### What to work on
Which lines run from the one containing "Some of the text" to the end of the listing below? Write them out exactly, both ends included, with nothing else.

BEGIN Given data

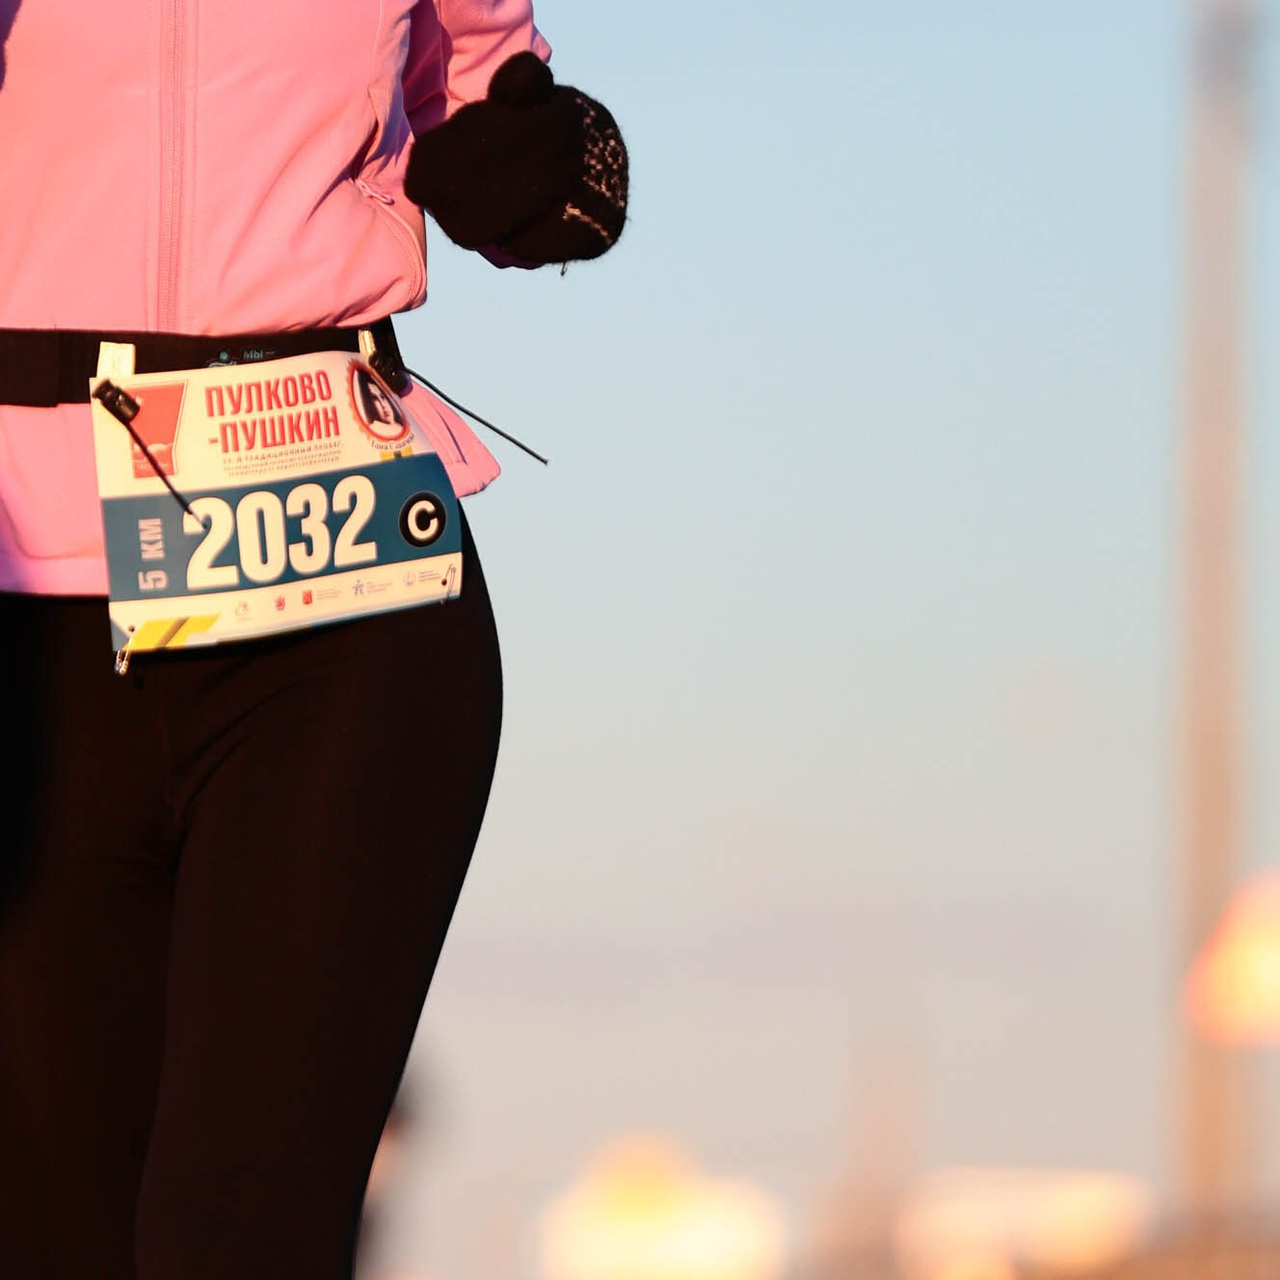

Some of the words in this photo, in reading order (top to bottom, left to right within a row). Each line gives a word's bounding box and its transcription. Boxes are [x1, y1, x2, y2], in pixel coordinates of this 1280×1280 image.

[204, 369, 332, 417] ПУЛКОВО
[208, 405, 340, 453] -ПУШКИН
[183, 474, 377, 590] 2032
[137, 569, 168, 592] 5
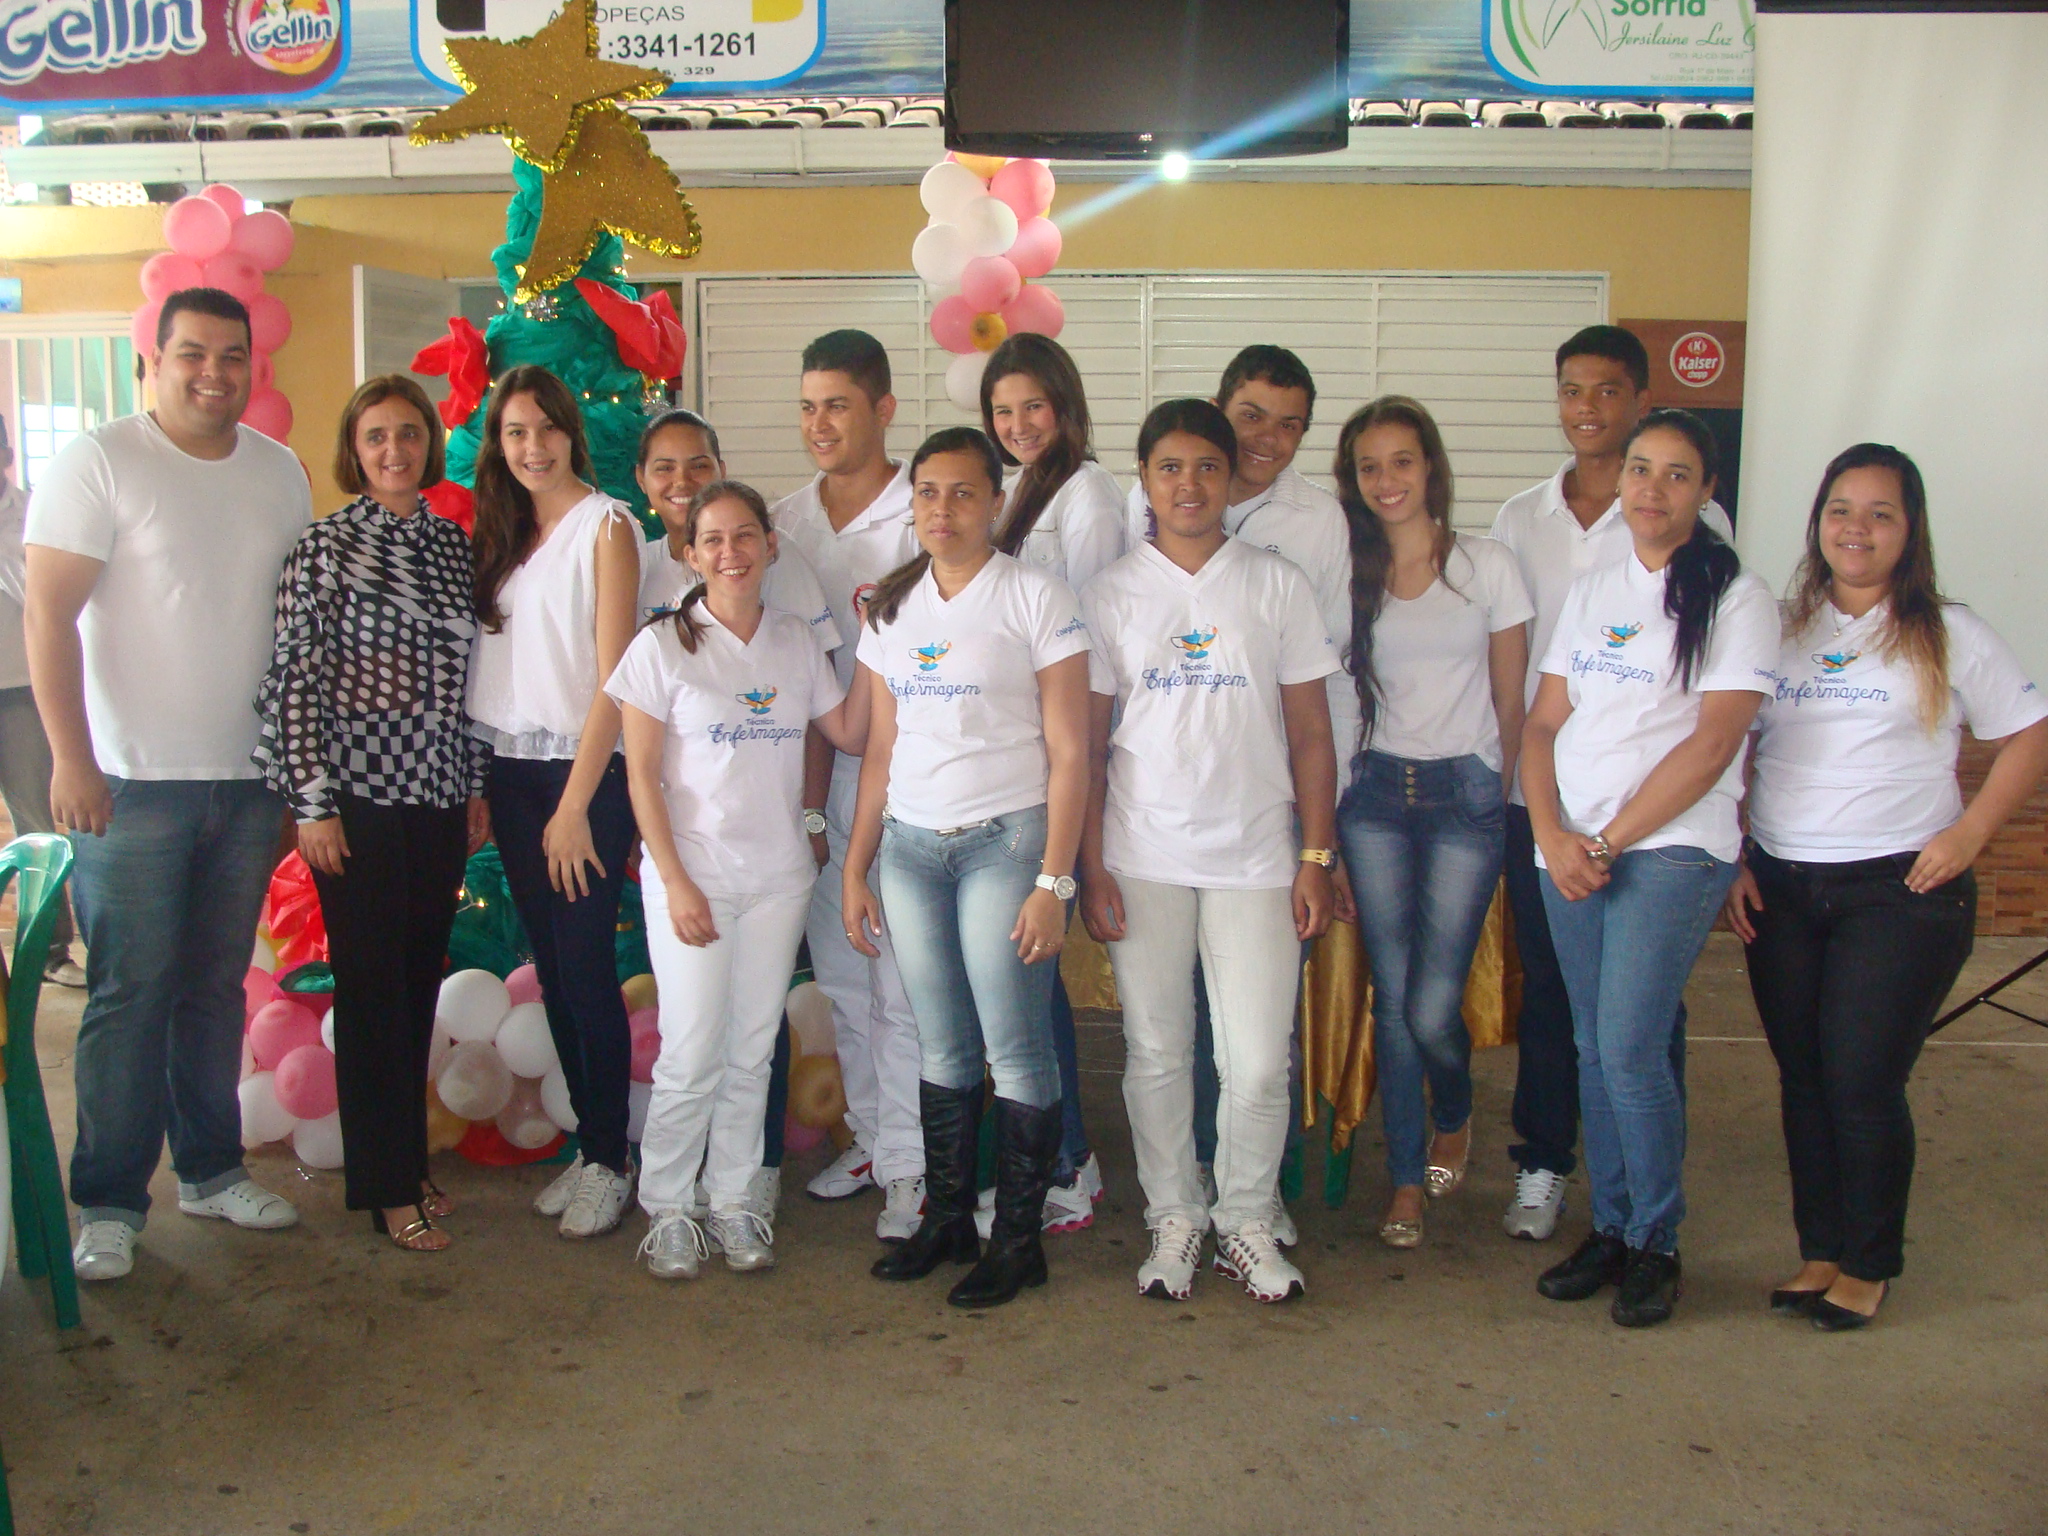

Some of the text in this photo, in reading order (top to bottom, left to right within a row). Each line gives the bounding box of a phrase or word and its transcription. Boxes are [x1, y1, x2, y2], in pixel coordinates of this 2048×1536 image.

[548, 6, 685, 25] AOPEÇAS
[0, 0, 206, 85] Gellin
[247, 10, 335, 53] Gellin
[1608, 21, 1689, 52] Jersilaine
[1696, 22, 1734, 46] Luz
[684, 66, 715, 76] 329
[1678, 356, 1718, 370] Kaiser
[1142, 668, 1248, 695] Enfermagem
[1776, 677, 1890, 707] Enfermagem
[707, 722, 803, 748] Enfermagem

END Given data

### Output of the exercise
Some of the text in this photo, in reading order (top to bottom, left to right within a row). Each line gives the bounding box of a phrase or word and its transcription. Boxes are [x1, y1, x2, y2], in pixel coordinates of this 2048×1536 image.

[548, 6, 685, 25] AOPEÇAS
[0, 0, 206, 85] Gellin
[247, 10, 335, 53] Gellin
[1608, 21, 1689, 52] Jersilaine
[1696, 22, 1734, 46] Luz
[684, 66, 715, 76] 329
[1678, 356, 1718, 370] Kaiser
[1142, 668, 1248, 695] Enfermagem
[1776, 677, 1890, 707] Enfermagem
[707, 722, 803, 748] Enfermagem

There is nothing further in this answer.